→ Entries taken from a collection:
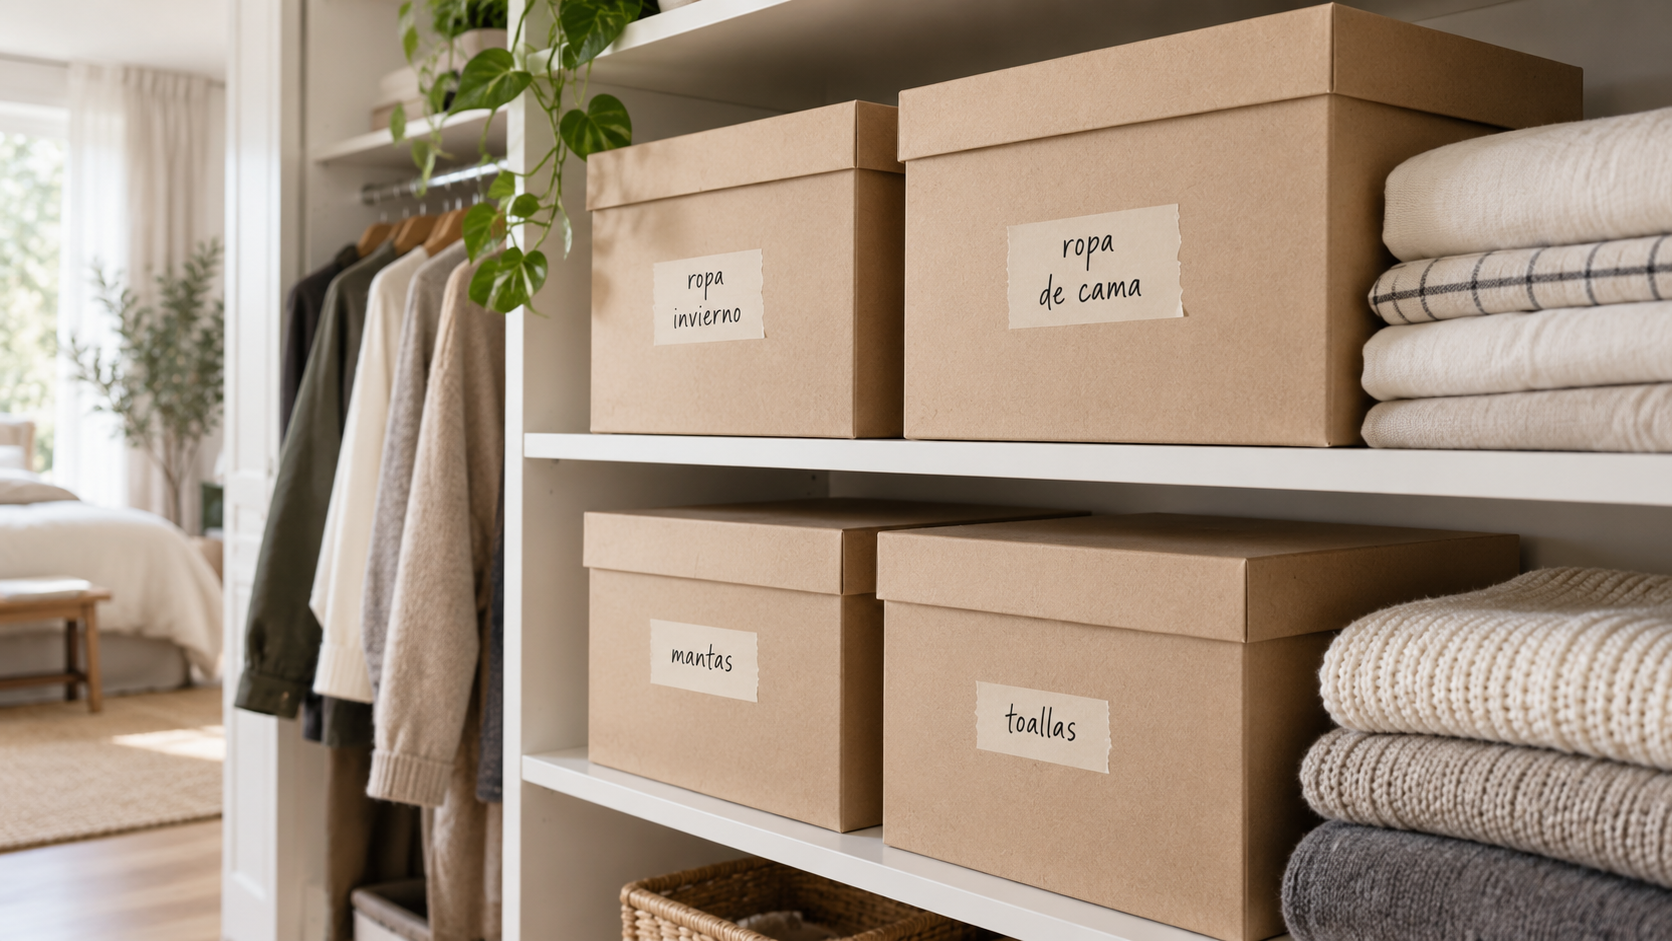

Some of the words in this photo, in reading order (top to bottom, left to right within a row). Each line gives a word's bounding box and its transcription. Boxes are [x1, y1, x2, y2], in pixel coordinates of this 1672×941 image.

[1062, 233, 1115, 272] ropa
[687, 270, 724, 301] ropa
[1039, 273, 1066, 311] de
[1078, 278, 1143, 303] cama
[672, 305, 742, 330] invierno
[671, 643, 733, 673] mantas
[1004, 703, 1077, 742] toallas
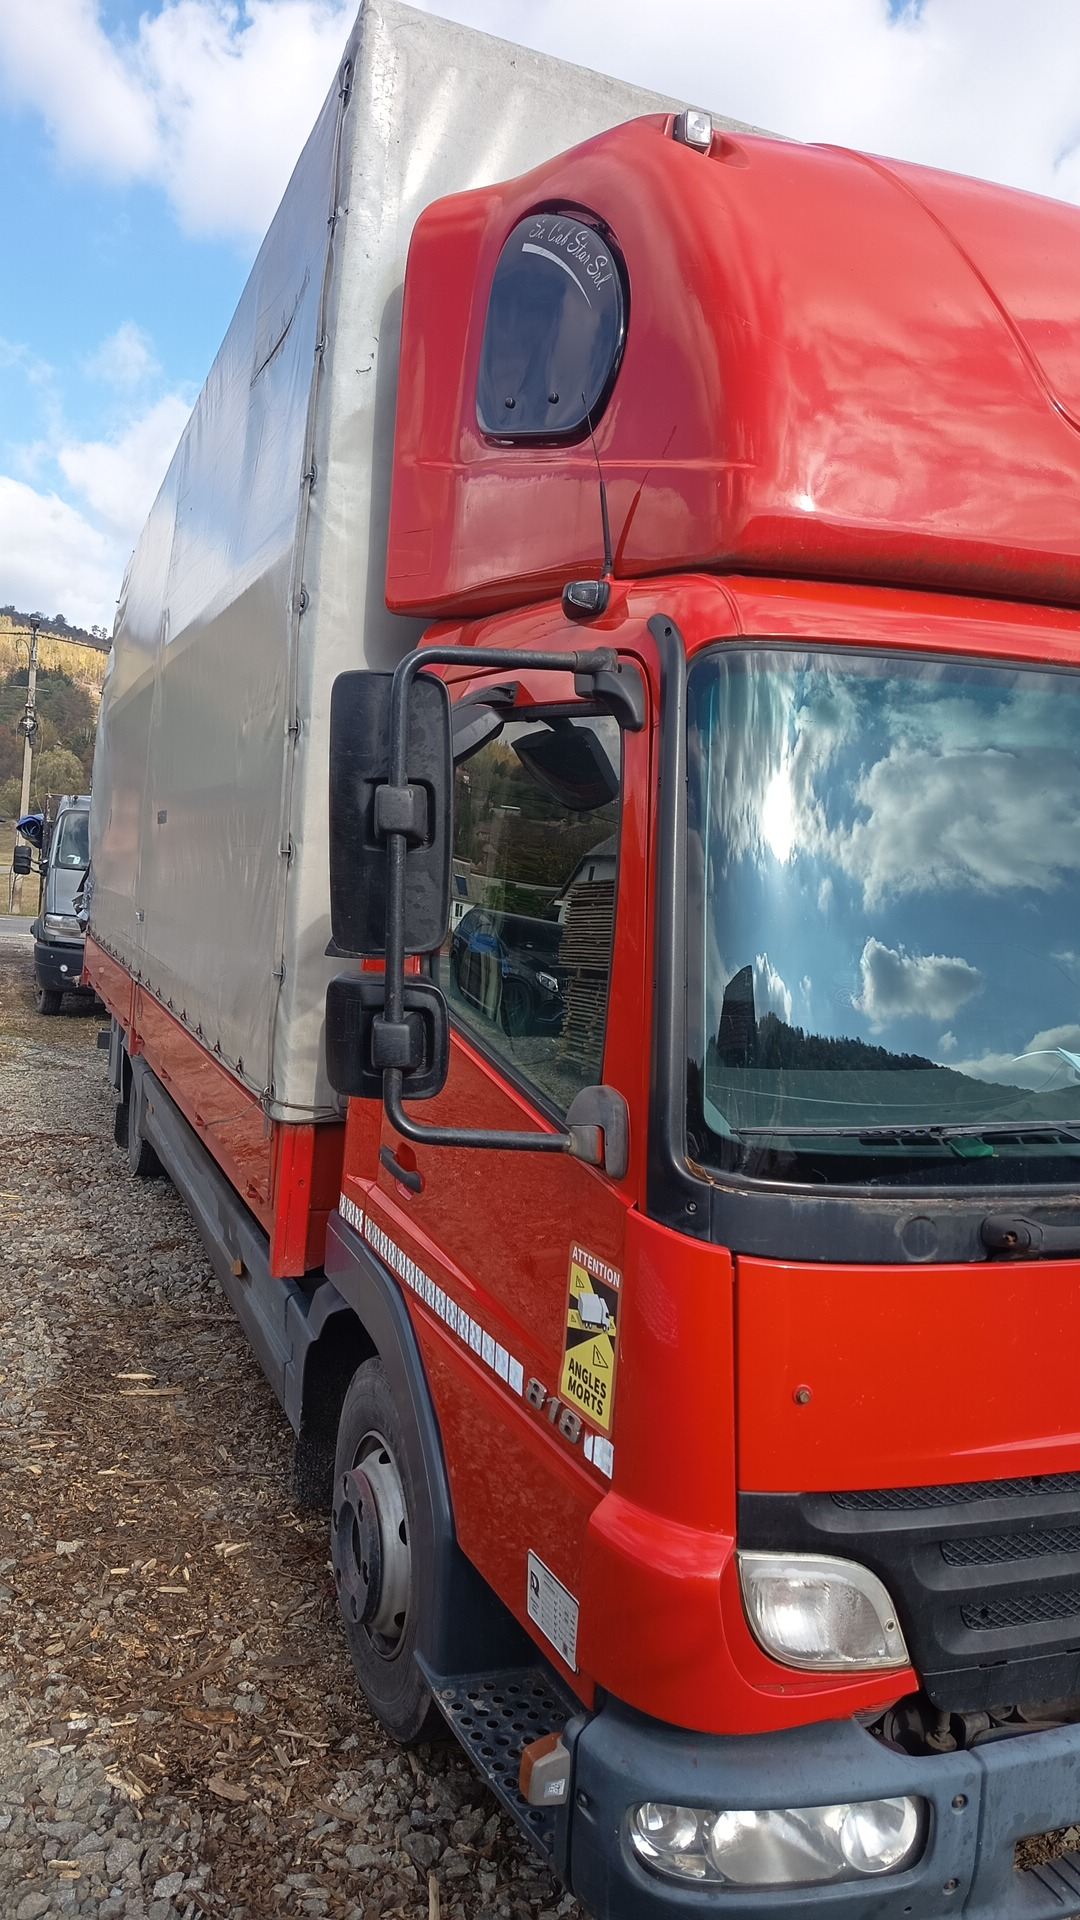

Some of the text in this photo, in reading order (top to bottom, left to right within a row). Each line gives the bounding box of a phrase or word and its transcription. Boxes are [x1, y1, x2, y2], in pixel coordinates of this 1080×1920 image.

[548, 222, 576, 246] Cab
[566, 230, 592, 265] Star
[572, 1245, 620, 1288] ATTENTION
[567, 1375, 604, 1417] MORTS
[568, 1357, 607, 1400] ANGLES
[527, 1377, 583, 1445] 818

→ Exercise: Could you print exactly the lines from the one containing "Some of the text" through the last line of the records above?

→ Exercise answer:
Some of the text in this photo, in reading order (top to bottom, left to right within a row). Each line gives the bounding box of a phrase or word and its transcription. Boxes are [x1, y1, x2, y2], in pixel coordinates of this 1080×1920 image.

[548, 222, 576, 246] Cab
[566, 230, 592, 265] Star
[572, 1245, 620, 1288] ATTENTION
[567, 1375, 604, 1417] MORTS
[568, 1357, 607, 1400] ANGLES
[527, 1377, 583, 1445] 818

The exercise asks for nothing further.